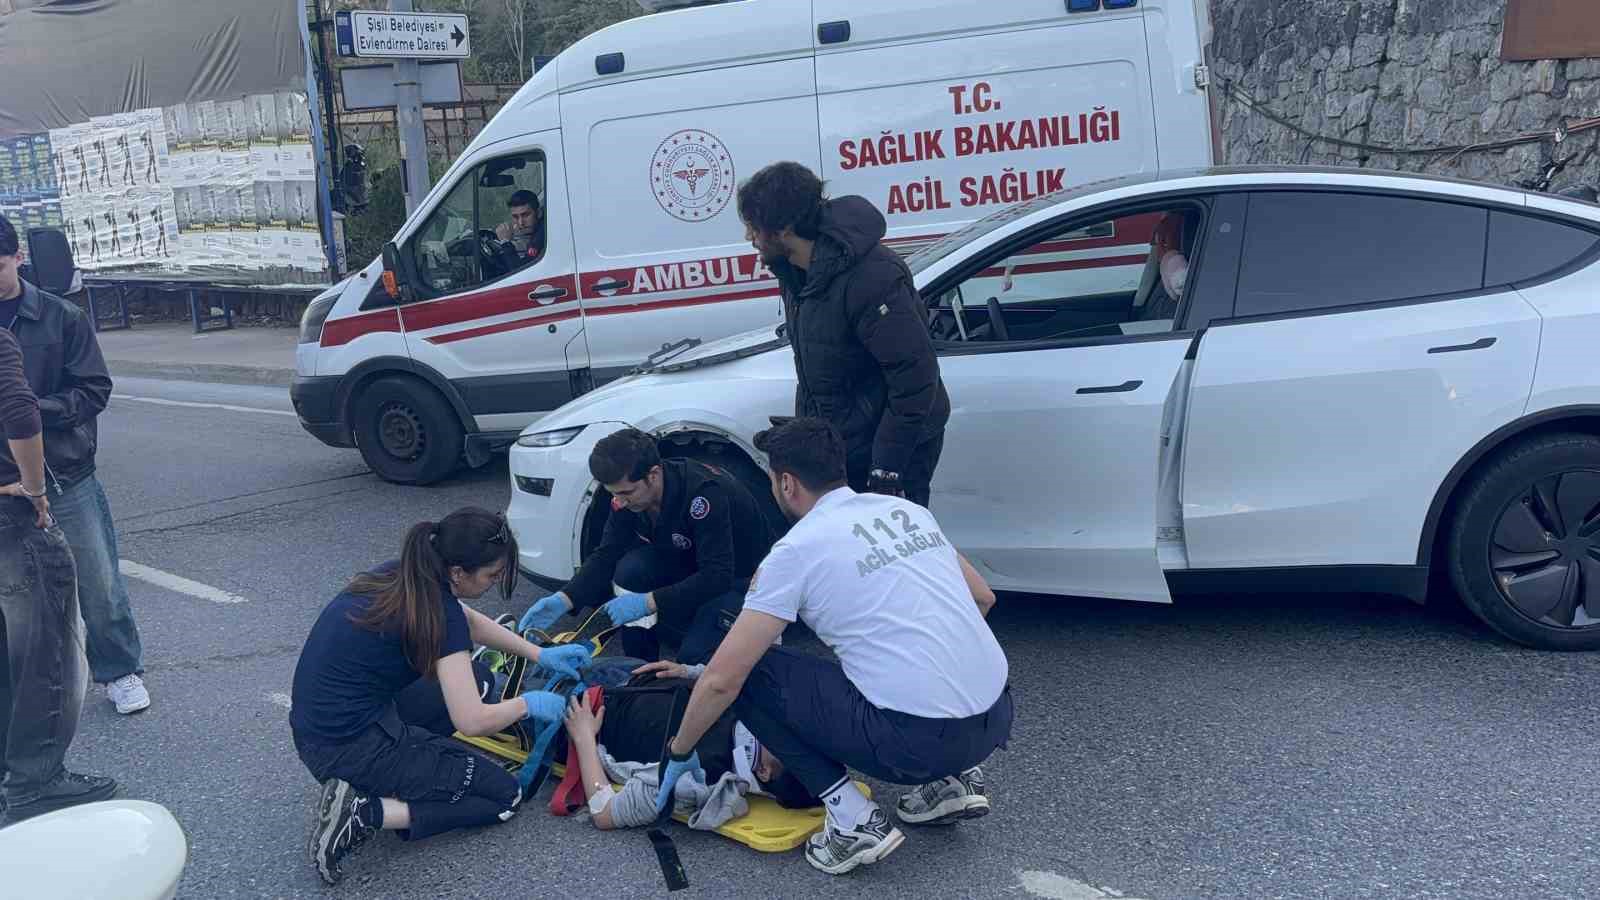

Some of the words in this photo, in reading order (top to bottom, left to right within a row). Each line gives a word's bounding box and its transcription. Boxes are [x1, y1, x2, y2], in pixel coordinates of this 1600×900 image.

[360, 36, 415, 50] Evlendirme
[417, 37, 448, 51] Dairesi
[367, 17, 388, 32] Şişli
[390, 18, 438, 36] Belediyesi
[948, 82, 1001, 115] T.C.
[839, 130, 945, 170] SAĞLIK
[954, 105, 1120, 157] BAKANLIĞI
[887, 176, 951, 214] ACİL
[959, 167, 1067, 207] SAĞLIK
[852, 509, 920, 546] 112
[856, 546, 898, 578] ACİL
[894, 532, 946, 558] SAĞLIK

- _What the task asks_: Exactly as they stand, set down all of the entries above, minus every picture.

- _Answer area_:
Some of the words in this photo, in reading order (top to bottom, left to right within a row). Each line gives a word's bounding box and its transcription. Boxes are [x1, y1, x2, y2], in pixel coordinates of this 1600×900 image.

[360, 36, 415, 50] Evlendirme
[417, 37, 448, 51] Dairesi
[367, 17, 388, 32] Şişli
[390, 18, 438, 36] Belediyesi
[948, 82, 1001, 115] T.C.
[839, 130, 945, 170] SAĞLIK
[954, 105, 1120, 157] BAKANLIĞI
[887, 176, 951, 214] ACİL
[959, 167, 1067, 207] SAĞLIK
[852, 509, 920, 546] 112
[856, 546, 898, 578] ACİL
[894, 532, 946, 558] SAĞLIK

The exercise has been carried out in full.